The other main approach is coating stents with paclitaxel, but not in the high doses that proved dangerous. Boston Scientific Corp., based in Natick, uses a polymer to stick paclitaxel onto its stent. In the pilot study of 61 patients, researchers found zero restenosis after six months of follow-up. A larger study of about 500 patients “provided further support for the safety of paclitaxel,” says company spokesman Paul Donovan. The paclitaxel stent also seems to prevent restenosis, a third study shows, as a stent placed inside a stent already in the artery.

Boston Scientific’s most important study, TAXUS IV, which involves more than 1,000 patients at 80 medical centers, is still underway, but the company is optimistic: “We plan to launch a drug-coated stent in Europe this year and in the U.S. next year,” Donovan says.

The third main contender for bringing a drug-coated stent to the U.S. market is Guidant/Cook. Like Boston Scientific, Guidant/Cook uses paclitaxel to coat its stents. But therein lies a problem. Boston Scientific and Guidant/Cook squared off in court last week over distribution rights for stents coated with paclitaxel, which is made by a company called Angiotech Pharmaceuticals in Vancouver, Canada.
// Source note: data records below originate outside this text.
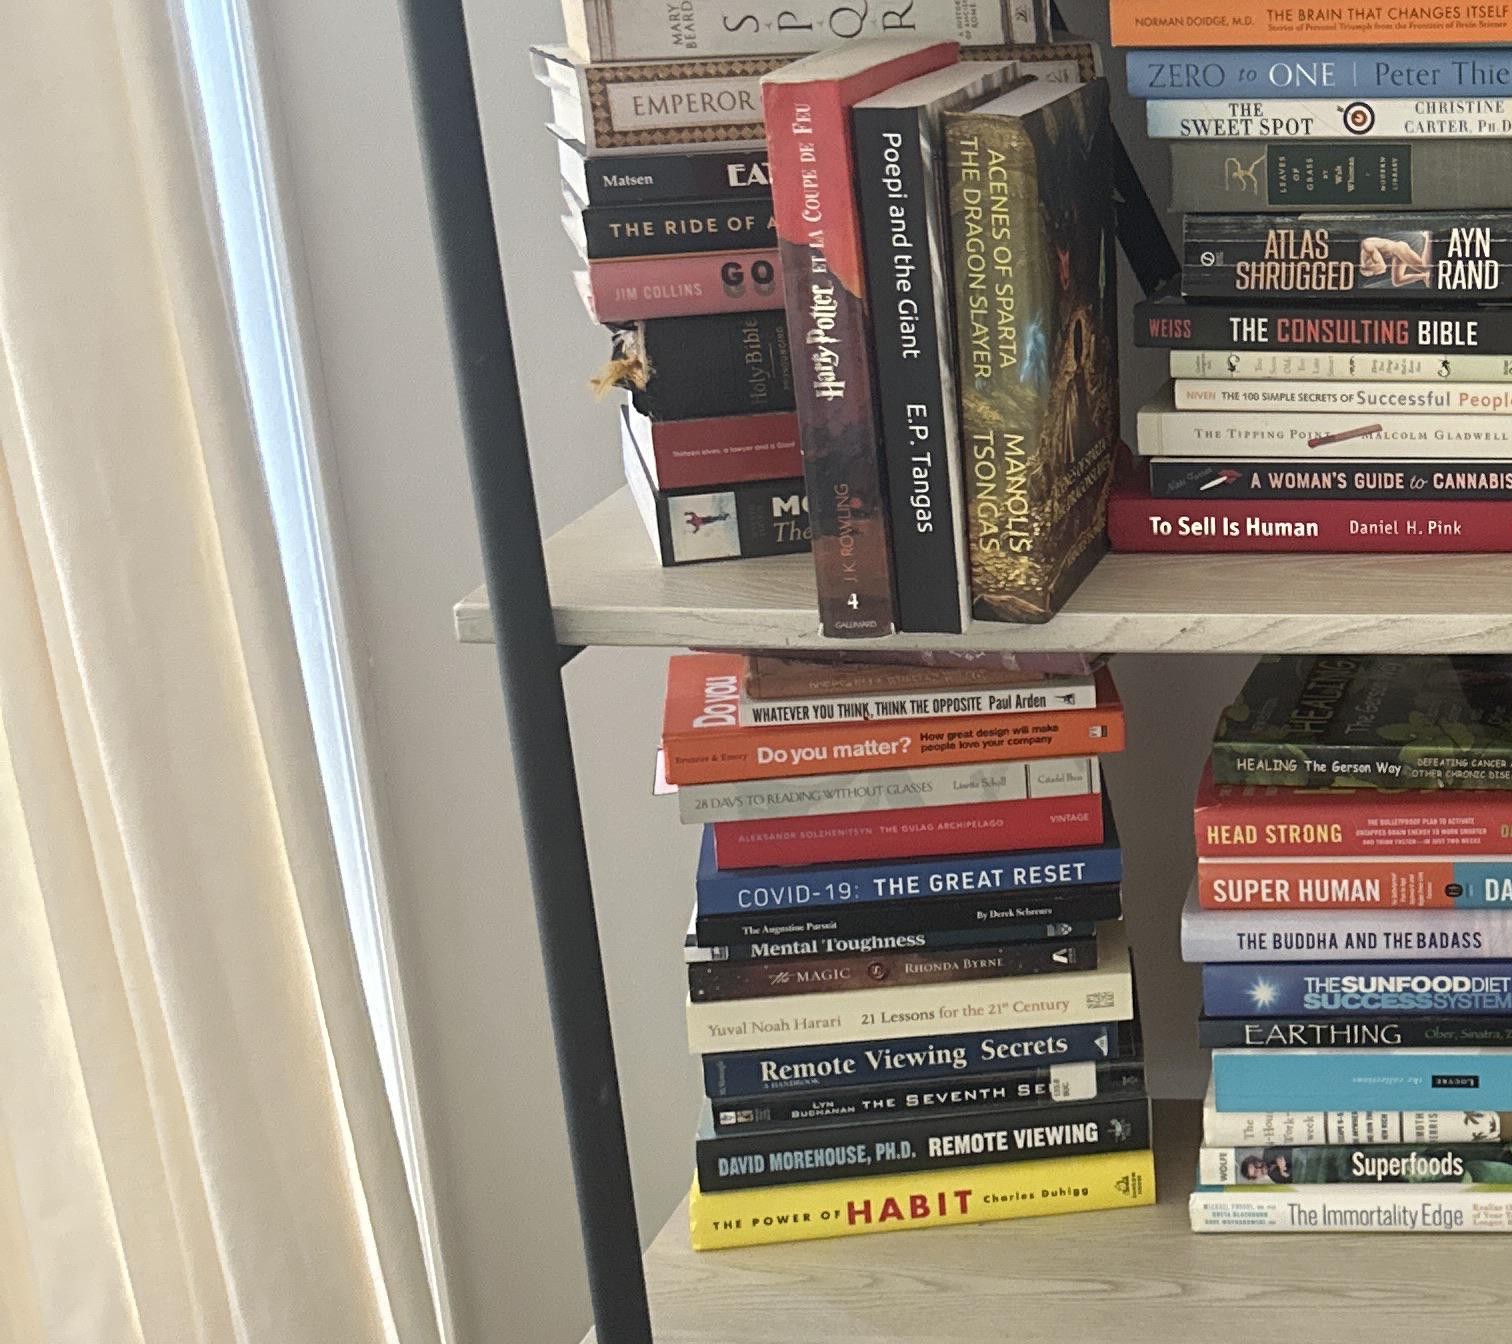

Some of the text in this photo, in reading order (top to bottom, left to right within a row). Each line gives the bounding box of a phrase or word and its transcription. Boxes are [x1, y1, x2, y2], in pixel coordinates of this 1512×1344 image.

[1148, 62, 1336, 88] ZERO to ONE
[1375, 63, 1439, 88] Peter
[633, 91, 754, 117] EMPEROR
[881, 132, 920, 360] Poepi and the Giant
[1263, 229, 1329, 260] ATLAS
[1447, 227, 1491, 258] AYN
[1236, 261, 1355, 292] SHRUGGED
[1437, 258, 1499, 291] RAND
[1149, 318, 1192, 339] WEISS
[1230, 317, 1478, 345] THE CONSULTING BIBLE
[906, 403, 934, 533] E.P. Tangas
[1251, 473, 1262, 489] A
[1267, 472, 1346, 490] WOMAN'S
[1354, 472, 1405, 490] GUIDE
[1410, 475, 1428, 490] to
[1149, 516, 1319, 537] To Sell Is Human
[1207, 824, 1342, 844] HEAD STRONG
[738, 863, 1086, 909] COVID-19: THE GREAT RESET
[1213, 879, 1293, 903] SUPER
[1299, 879, 1381, 902] HUMAN
[1244, 1023, 1402, 1045] EARTHING
[761, 1034, 1068, 1081] Remote Viewing Secrets
[1352, 1152, 1464, 1179] Superfoods
[713, 1189, 973, 1230] THE POWER OF HABIT
[1288, 1204, 1318, 1225] The
[1322, 1203, 1417, 1227] Immortality
[1421, 1204, 1463, 1227] Edge
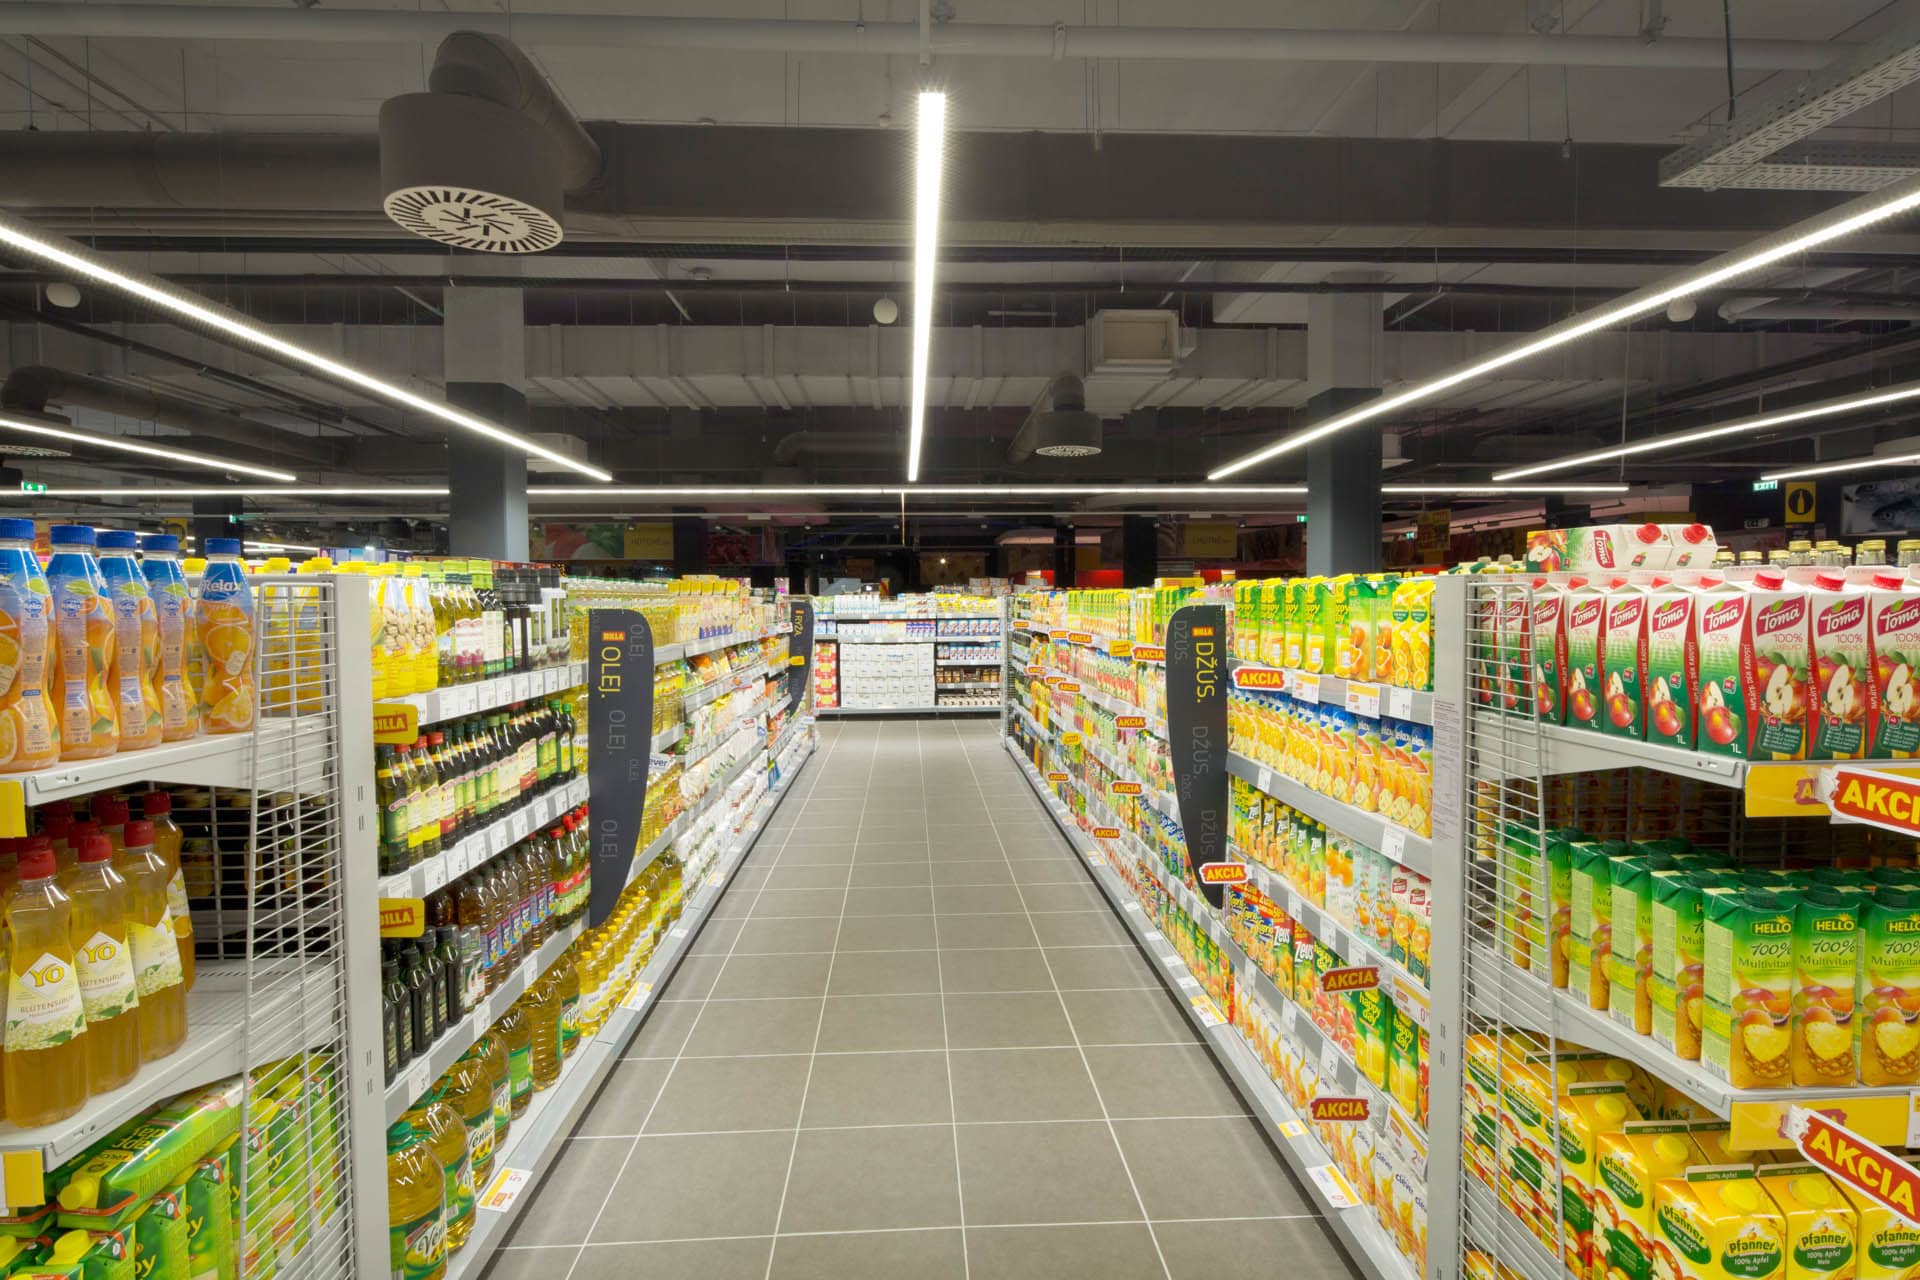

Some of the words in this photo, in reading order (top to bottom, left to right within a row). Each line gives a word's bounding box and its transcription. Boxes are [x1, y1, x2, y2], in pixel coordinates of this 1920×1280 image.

[1595, 532, 1610, 565] Toma
[202, 580, 241, 592] Relax
[1573, 607, 1598, 626] Toma
[1611, 607, 1638, 628] Toma
[1655, 607, 1685, 629] Toma
[1705, 608, 1739, 630] Toma
[1759, 606, 1800, 632] Toma
[1821, 607, 1861, 633] Toma
[1070, 634, 1091, 643] AKCIA
[1774, 633, 1803, 643] 100%
[1835, 633, 1863, 643] 100%
[1136, 650, 1164, 659] AKCIA
[598, 646, 621, 698] OLEJ.
[1196, 643, 1218, 704] DŽÚS.
[1240, 672, 1281, 685] AKCIA
[1118, 718, 1144, 727] AKCIA
[607, 709, 626, 755] OLEJ.
[1628, 726, 1638, 735] 1L
[1676, 734, 1686, 744] 1L
[1731, 743, 1742, 753] 1L
[1113, 783, 1141, 793] AKCIA
[1095, 829, 1119, 838] AKCIA
[1207, 868, 1244, 881] AKCIA
[1755, 923, 1792, 934] HELLO
[1816, 920, 1855, 932] HELLO
[1274, 925, 1290, 946] Zeus
[83, 941, 116, 964] YO
[1295, 941, 1314, 962] Zeus
[1811, 940, 1855, 957] 100%
[29, 963, 65, 987] YO
[1326, 970, 1375, 990] AKCIA
[1316, 1102, 1365, 1117] AKCIA
[1375, 1151, 1393, 1171] clever
[1722, 1172, 1737, 1180] Apfel
[1810, 1128, 1916, 1216] AKCIA
[1395, 1173, 1414, 1195] clever
[1806, 1250, 1824, 1259] 100%
[1824, 1249, 1842, 1259] Apfel
[1881, 1248, 1899, 1256] 100%
[1900, 1246, 1916, 1257] Apfel
[1734, 1257, 1752, 1266] 100%
[1752, 1256, 1769, 1265] Apfel
Although a federal court ruled in favor of Boston Scientific, Guidant/Cook has vowed to appeal. Guidant is currently conducting a trial of its paclitaxel stent in more than 1,000 patients in a study called DELIVER, which is now in its follow-up phase. To a degree unusual in medical circles, cardiologists believe that even the first coated stents to reach the U.S. market will bring vast improvements to America’s heart patients. “Who knows?” says Edelman of MIT. “New delivery strategies may bring us to the day when we not only do not need coatings on stents, we may not need the stents, either.”